It's interesting we just came off of a strong first quarter and during that first quarter we recorded a record breaking wins and we haven't seen that activity slowdown in the month of January. February, the numbers are just being formulated but the numbers for January remains strong in terms of wins and bookings and that's what makes us really feel confident even before the stimulus package. We are looking at wins across the enterprise in each one of our geographies both Europe and North America as well as in Middle East, Australia and Hong Kong, China. And also in the environmental and the transportation markets in U.K., as I mentioned in my comments, the U.K. private facilities business is soft. Steven Fisher - UBS Securities: Okay, great. Thanks a lot.
And our next question comes from the line of Andy Kaplowitz with Barclays Capital. Go ahead, sir. Andy Kaplowitz - Barclays Capital: Good morning, guys.
Good morning. Andy Kaplowitz - Barclays Capital: If you could go into a little bit more detail about the geographic regions that you haven't talked about too much yet like Asia, Canada, Australia. Obviously, you are growing still pretty well globally, I am just wondering in these regions how much is market share gain, how much is some market still growing pretty robustly?

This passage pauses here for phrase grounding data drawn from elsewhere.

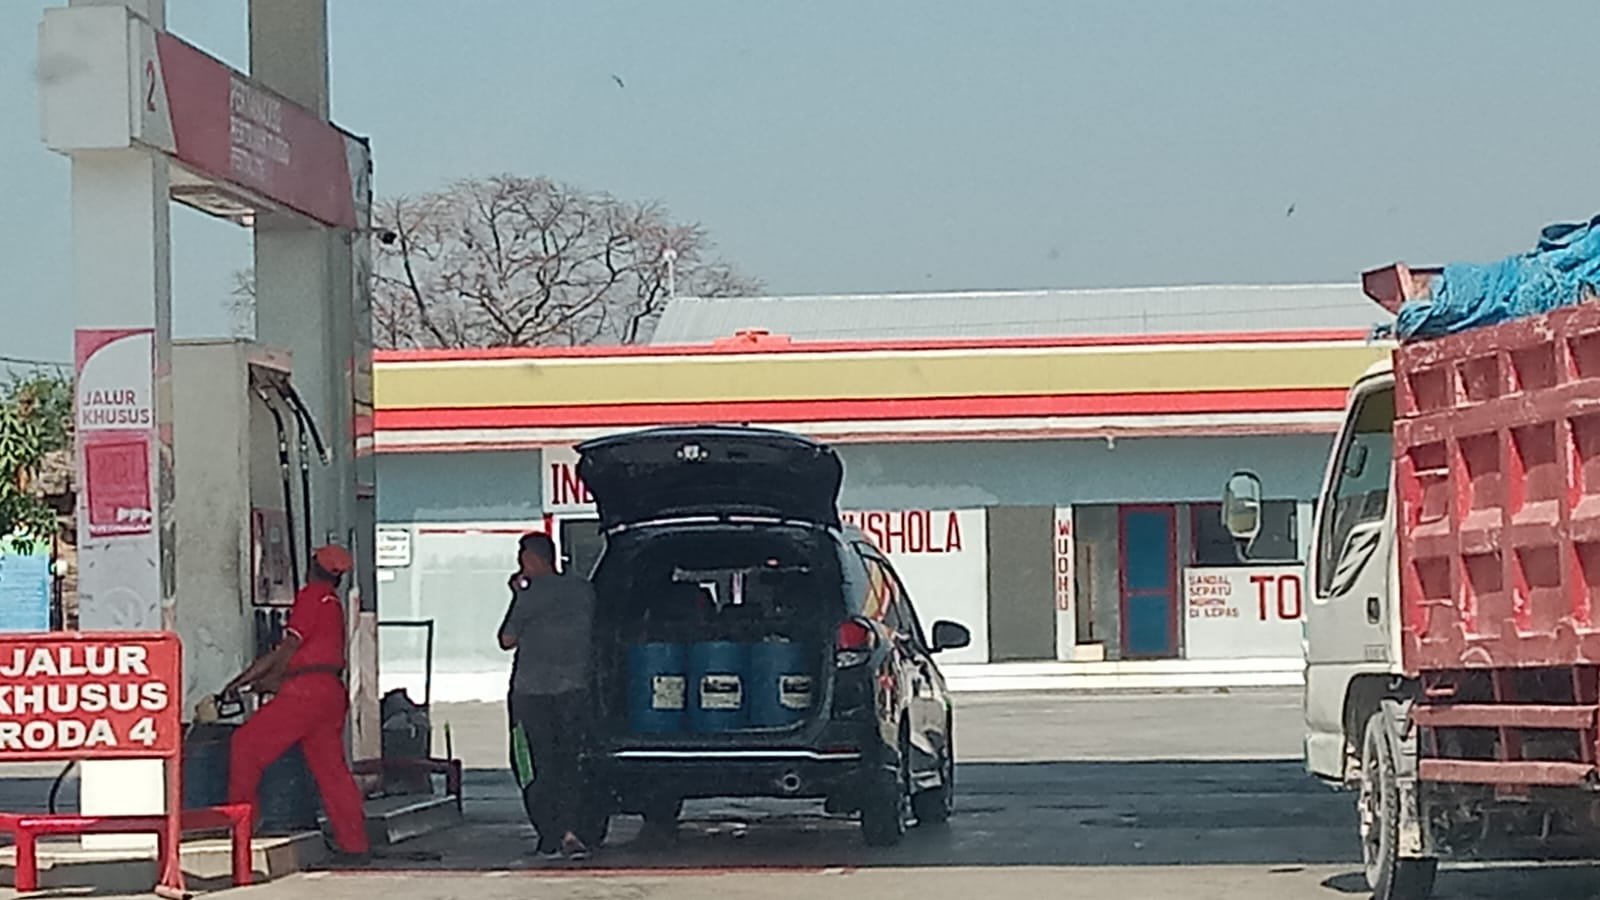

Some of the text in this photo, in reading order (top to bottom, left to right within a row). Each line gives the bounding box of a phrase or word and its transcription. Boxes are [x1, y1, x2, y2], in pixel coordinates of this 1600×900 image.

[146, 59, 156, 112] 2
[82, 389, 136, 406] JALUR
[82, 408, 150, 425] KHUSUS
[1189, 586, 1231, 596] SEPATU
[0, 646, 149, 676] JALUR
[0, 717, 157, 749] RODA 4

Okay. In Asia, our primary locations in Asia are Hong Kong and in China. Overall, we have about 3,500 people between Hong Kong and China. China, we've advanced though through some M&As last year, we're advancing in the... interesting in the facilities market there as well as in the water and environmental markets which are very strong. Hong Kong which had some slowdowns or slow periods a couple of years ago has now grown very significantly. And we are seeing in '09, we've probably seen a 25% growth in the activity. Their stimulus package is moving into effect with significant increase in transportation of high wages as well as transits. Australia is remaining strong and has been a strong market over the years and it maintains a modest growth. Here in the United States we are looking at growth in our transportation markets as well our environmental markets and also in our federal market. Our federal facilities market remains strong. And in Canada, Canada continues to grow when we see a nice increase in our markets in Canada in transportation as well as the environmental sectors. Andy Kaplowitz - Barclays Capital: Okay, thanks. May be this question is for Mike, SG&A as a percent of sales or G&A as a percent of sales was pretty well in the quarter and I know that you have work tag in there 2.1 is still pretty low and so I guess I am wondering can you keep up that rate for the year; 1.2% of sales that's a good run-rate.

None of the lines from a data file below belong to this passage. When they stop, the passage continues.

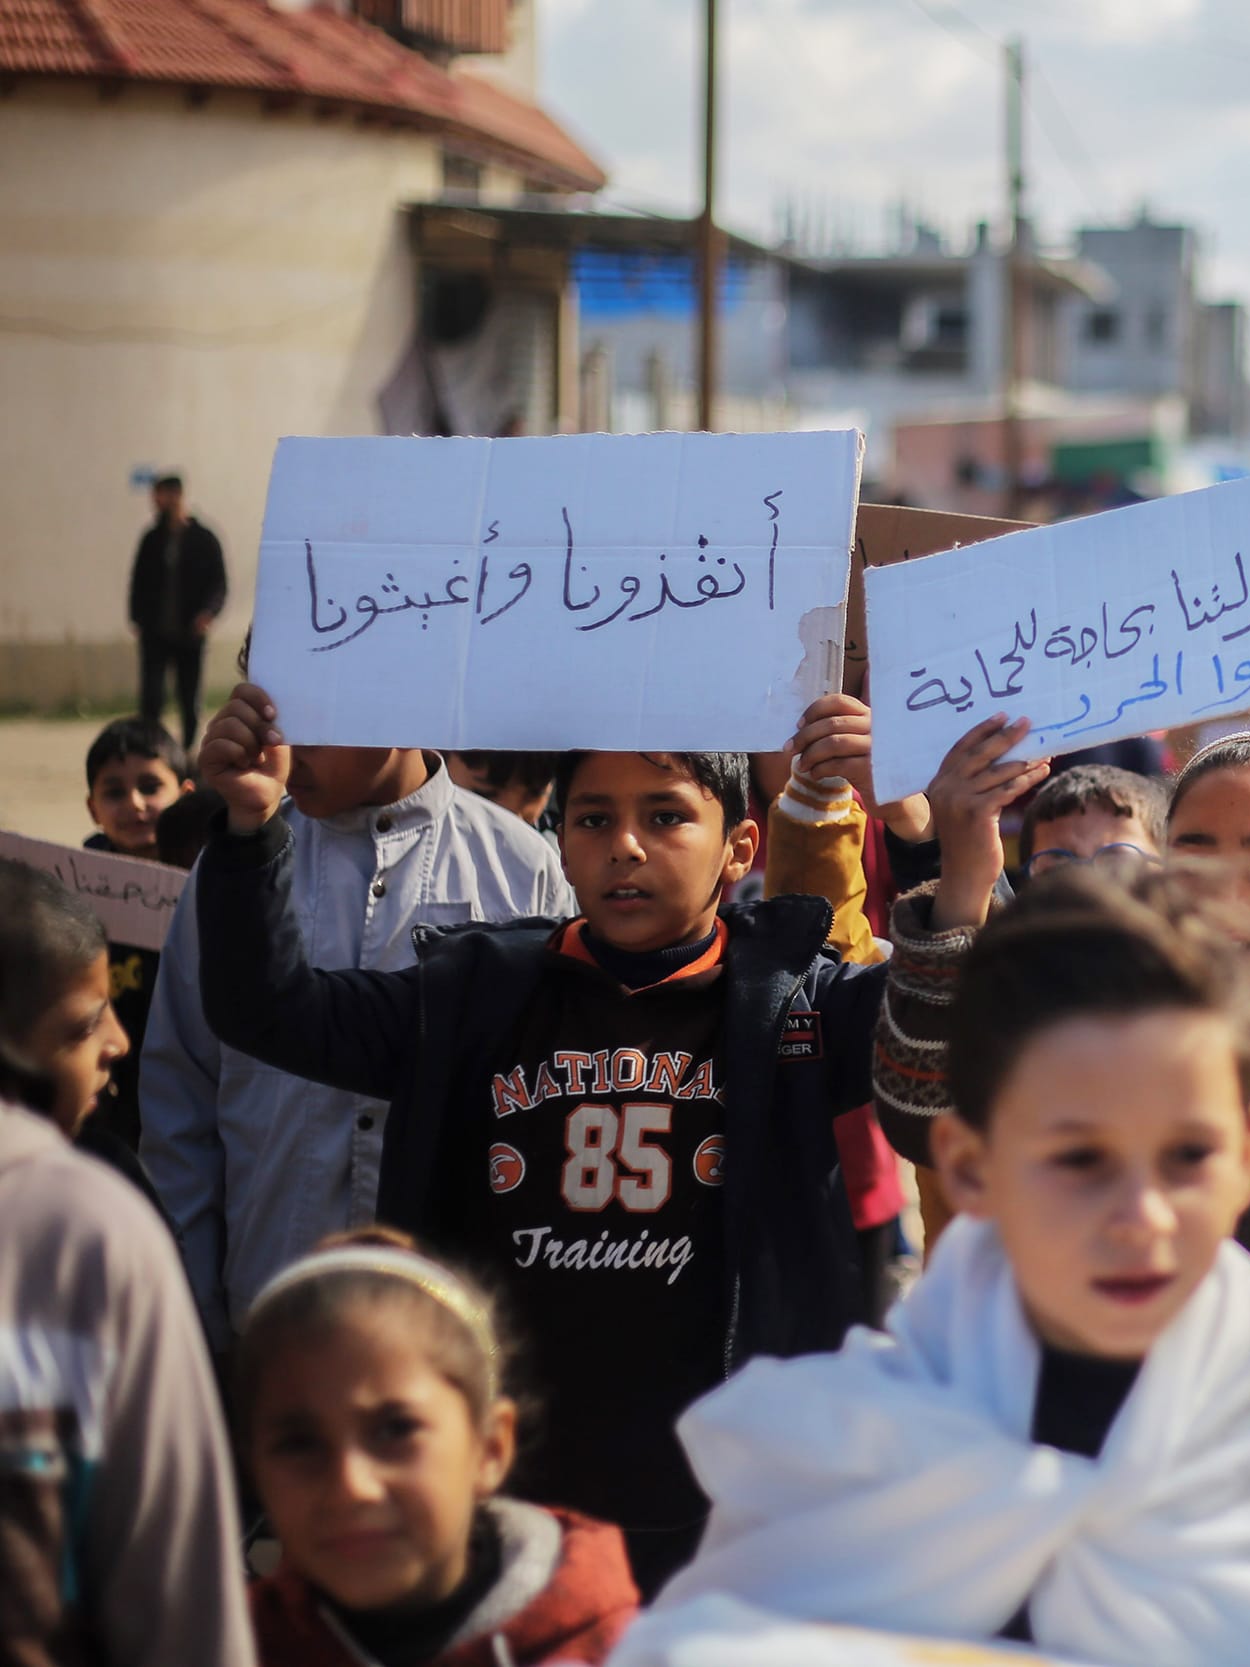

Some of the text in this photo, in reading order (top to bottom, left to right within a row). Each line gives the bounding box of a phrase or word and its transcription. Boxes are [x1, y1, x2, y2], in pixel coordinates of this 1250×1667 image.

[304, 490, 784, 653] أنقذونا وأغيثونا
[906, 607, 1037, 713] للحماية
[1044, 602, 1156, 669] بحاجة
[1027, 650, 1182, 745] الحرب
[780, 1043, 813, 1056] GER
[787, 1018, 813, 1029] MY
[491, 1047, 727, 1118] NATIONA
[561, 1102, 673, 1213] 85
[512, 1225, 694, 1285] Training
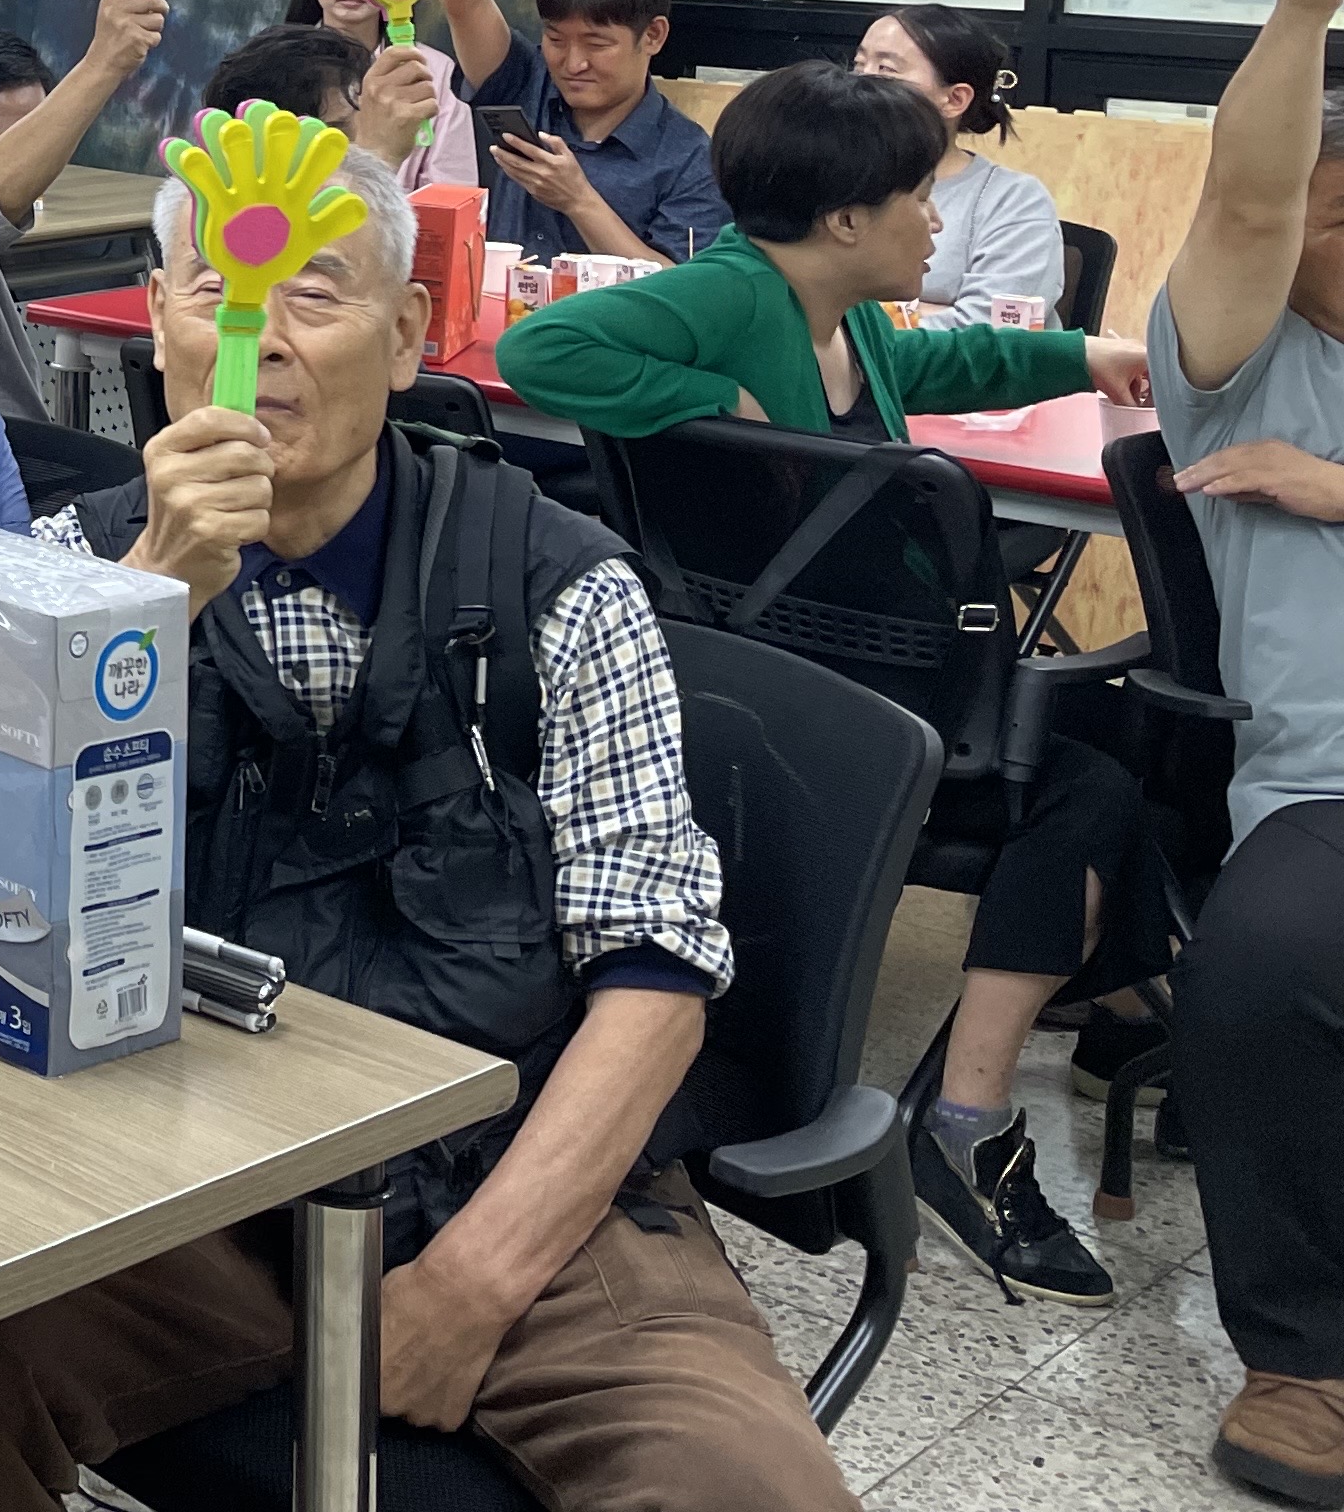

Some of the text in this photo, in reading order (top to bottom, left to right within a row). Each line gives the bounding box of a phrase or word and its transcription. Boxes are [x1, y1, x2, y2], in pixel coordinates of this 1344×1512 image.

[108, 656, 148, 679] 깨끗한
[114, 679, 140, 699] 나라
[0, 723, 40, 748] SOFTY

Well, as you heard us talk about this issue in the last several earnings calls, we've been very focused on improving our efficiencies on the SG&A side. We have made very good progress over the past year and half on that. And we expect to be able to maintain that and continue to focus on reducing our expense load and achieving more synergies as we continue to more tightly integrate some of the M&As that we have done in the past. We see continued upside from that. So it is something we're very focused on and we don't anticipate losing our focus on that item. Andy Kaplowitz - Barclays Capital: Okay, great. And may be if you could help us with one thing, I think there is some confusion out there as we had this election period in November where all these bonds were approved. The question that we have is, when do they find their way into the system you think. Because people I think filed the municipal bond Mike as you know as it pertains to infrastructure and we have seen it come off a little bit in the last few months. How do you guys look at that and how do you look at that versus what we saw in November. So what do you expect for that market going forward?
Well, you follow the same statistics, I'm sure we follow on muni bond issues and the first step is getting the trader (ph) approval which happened in November. Now the next step is getting it to market. I have stopped trying to predict the muni bond markets and when the liquidity comes back to those markets and how soon that will happen. But it is a matter of time, I can't predict when though.

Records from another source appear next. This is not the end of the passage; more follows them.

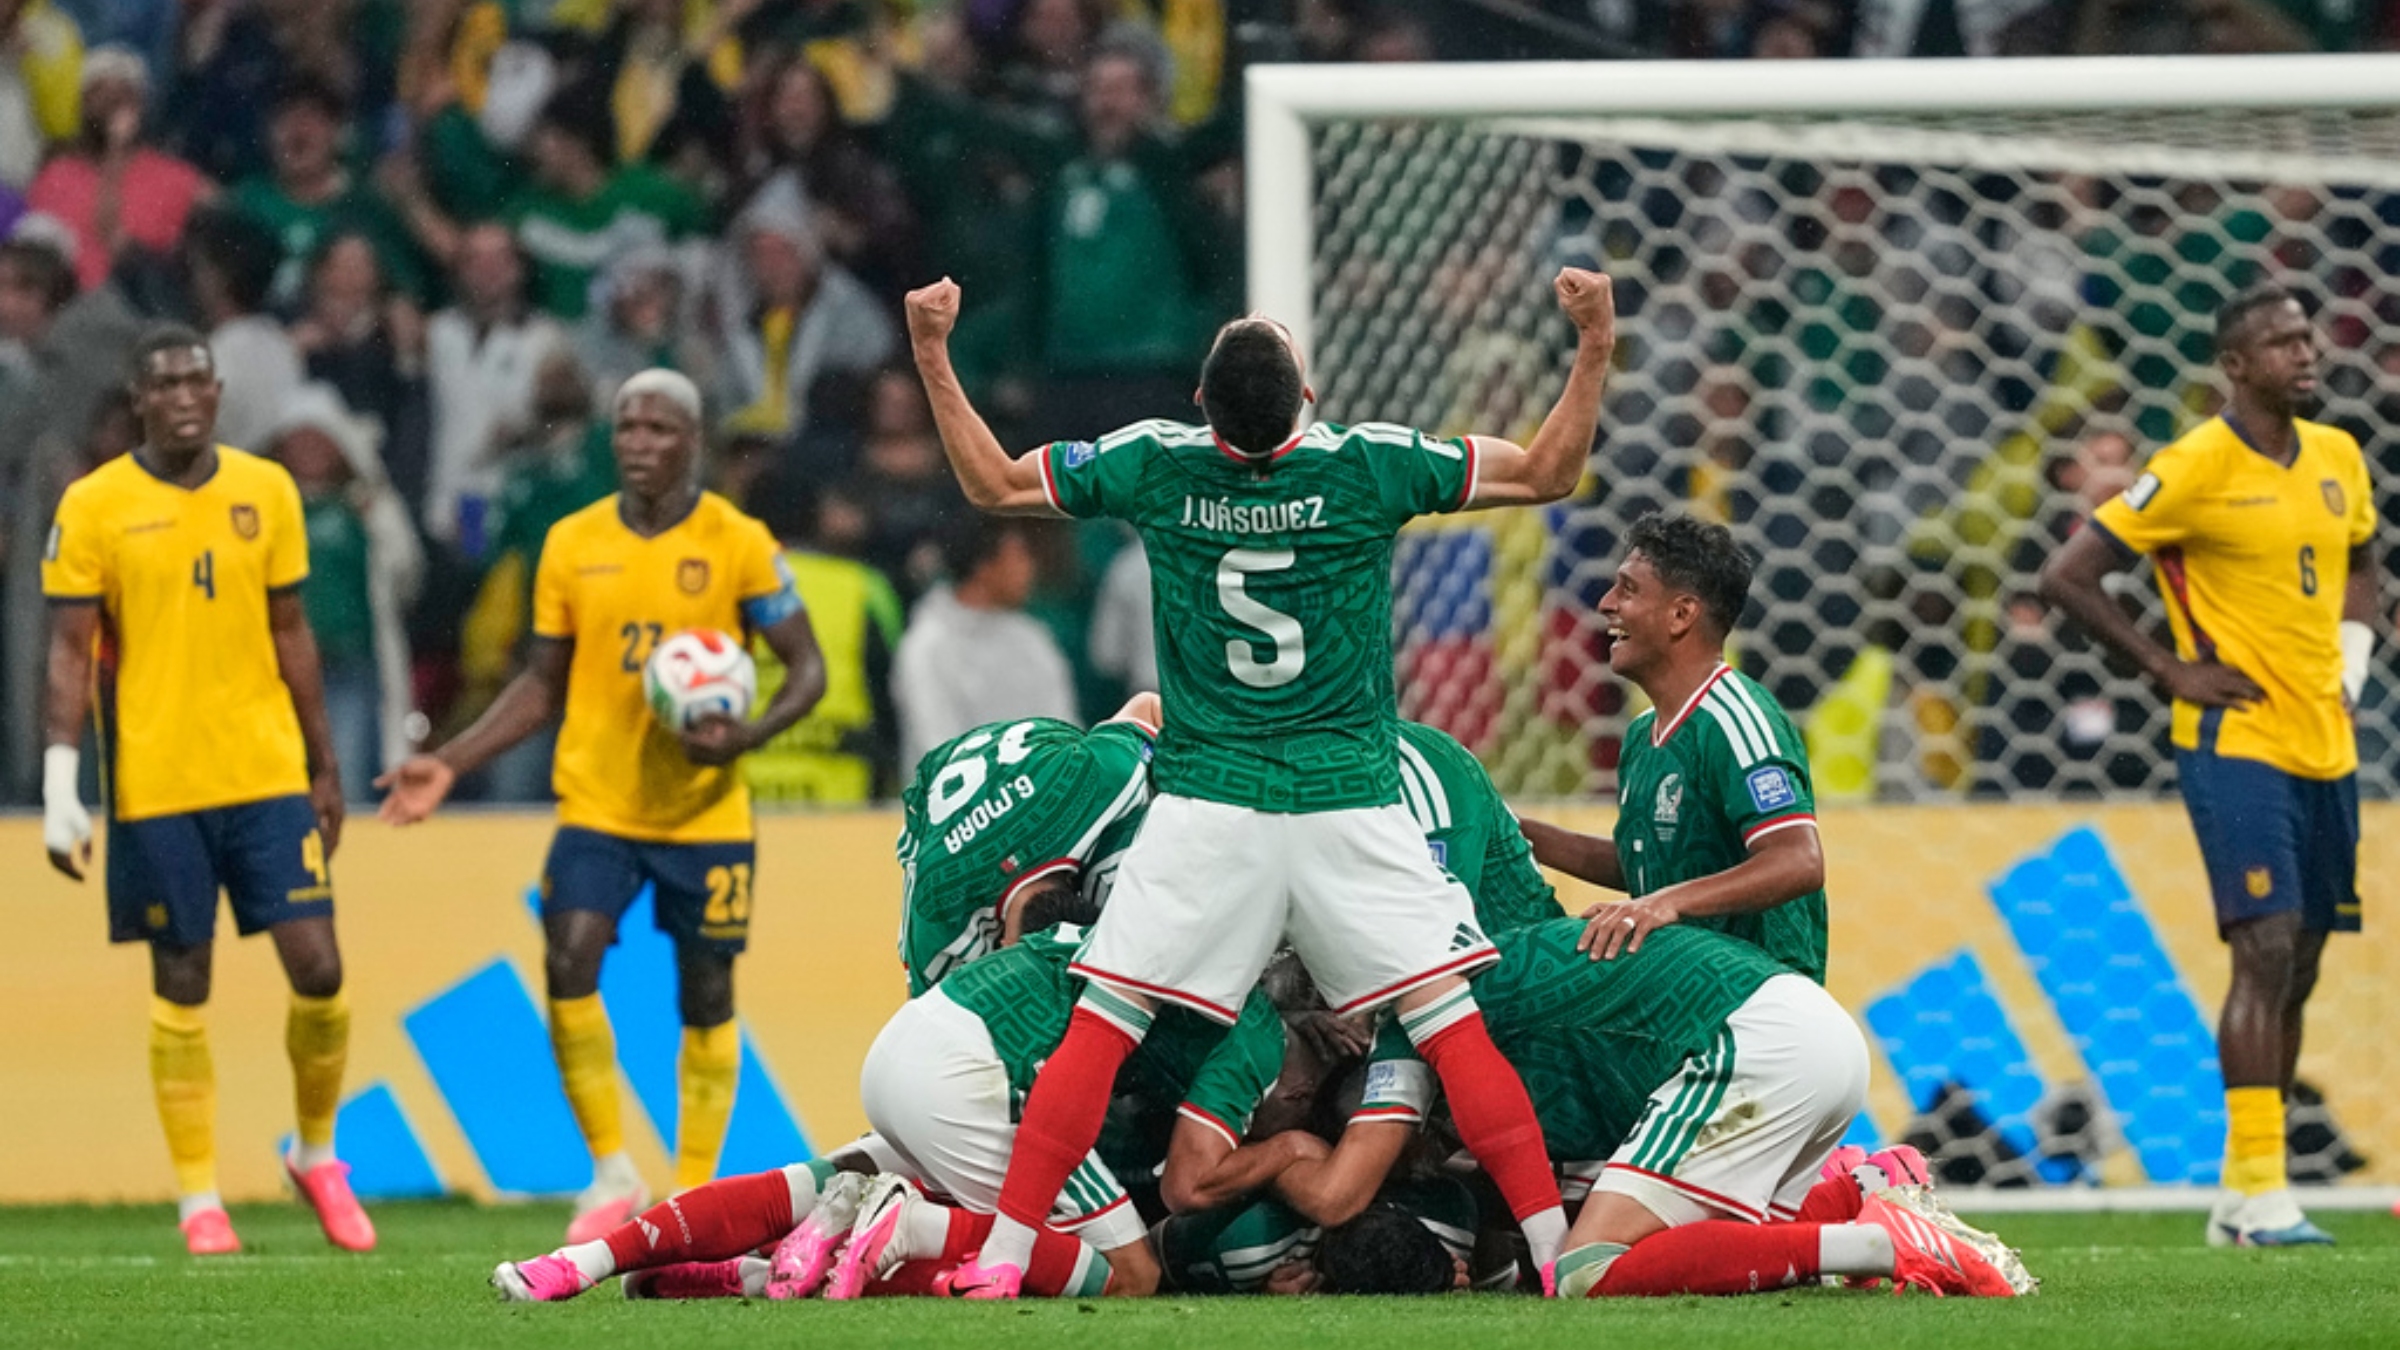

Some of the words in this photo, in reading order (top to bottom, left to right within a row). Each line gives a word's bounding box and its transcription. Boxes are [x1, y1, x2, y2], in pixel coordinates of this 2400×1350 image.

[1181, 495, 1328, 533] J.VÁSQUEZ
[193, 549, 215, 600] 4
[2298, 544, 2318, 596] 6
[1217, 548, 1306, 688] 5
[943, 774, 1036, 855] G.MORA
[302, 828, 326, 882] 4
[704, 863, 751, 922] 23

Andy, just one bond issue which was past November was in California. A Resolution R. Andy Kaplowitz - Barclays Capital: Major r?
Major r which is a $30 billion program which already the monies have been appropriated to get work into the system. So still some of the bond issues that were passed during the November elections are starting to take hold. Andy Kaplowitz - Barclays Capital: Great. And I'll get back into queue. Thank you.
And our next question comes from the line of Vance Edelson with Morgan Stanley. Go ahead, sir. Vance Edelson - Morgan Stanley: Hi, and thanks a lot. You mentioned the promise of PPPs in coming years. How would you characterize the political support for any type of privatization? Do you think the appetite exists right now or is that going to be something that has to be worked through, kind of a hurdle in the coming years, even if the private money is available? Thanks.
Yes, that's a very good question because that was always the bump in a road with the public-private partnerships need the political support. It's interesting that just recently there was a couple of breakthroughs in the public-private partnership market. And one of them was the project that I said we won in Florida and there are others that are going to... we'll see coming to pass in Texas, Utah and Virginia. So it seems like there is less resistance now because of the state of the economy and if we can get private financing to work with the state governments in terms of getting these projects started, it's a win-win for everyone. It's a win-win for the investors, a win-win for the states as well as for the job market. Vance Edelson - Morgan Stanley: Okay, that's helpful. And you also referred a couple of times to international stimulus programs. Could you just give us a quick snapshot of what's been done around the world from a stimulus perspective? Is there anything that rivals what's being contemplated in the U.S.? Thanks.
Well, clearly the United States just from the numbers is ahead of the pack. But also on a more modest scale and ones which are focused may be more on just the infrastructure, we've seen, we see in Canada, we believe it's about a $25 billion program. The U.K. to get out of their recession is going to spend and as the United States they're going to try to spend their way to some type of economic stability and we are looking at something again in the $250 billion range. Hong Kong as I mentioned, they have a stimulus type package where they have funding major transit work to the tune of about $30 billion. So and we've heard about the stimulus package in China which is around the $600 billion. So, in each of the areas... and in Australia with about $42 billion. In each of the areas where e-commerce is strongly located in all our key geographic areas, there is some type of stimulus package which has been proposed to prime the pump and get the economies moving or up it's not just moving to advancement. Andy Kaplowitz - Barclays Capital: Okay. And finally in the U.S. as far as the stimulus goes, I think you said you are expected to hit later in the year, is the way you phrased it. Can you provide any more granularity just as to your best estimation as to when the stimulus related funding starts adding to the backlog, when it hits revenues and so forth is it third or fourth calendar quarter?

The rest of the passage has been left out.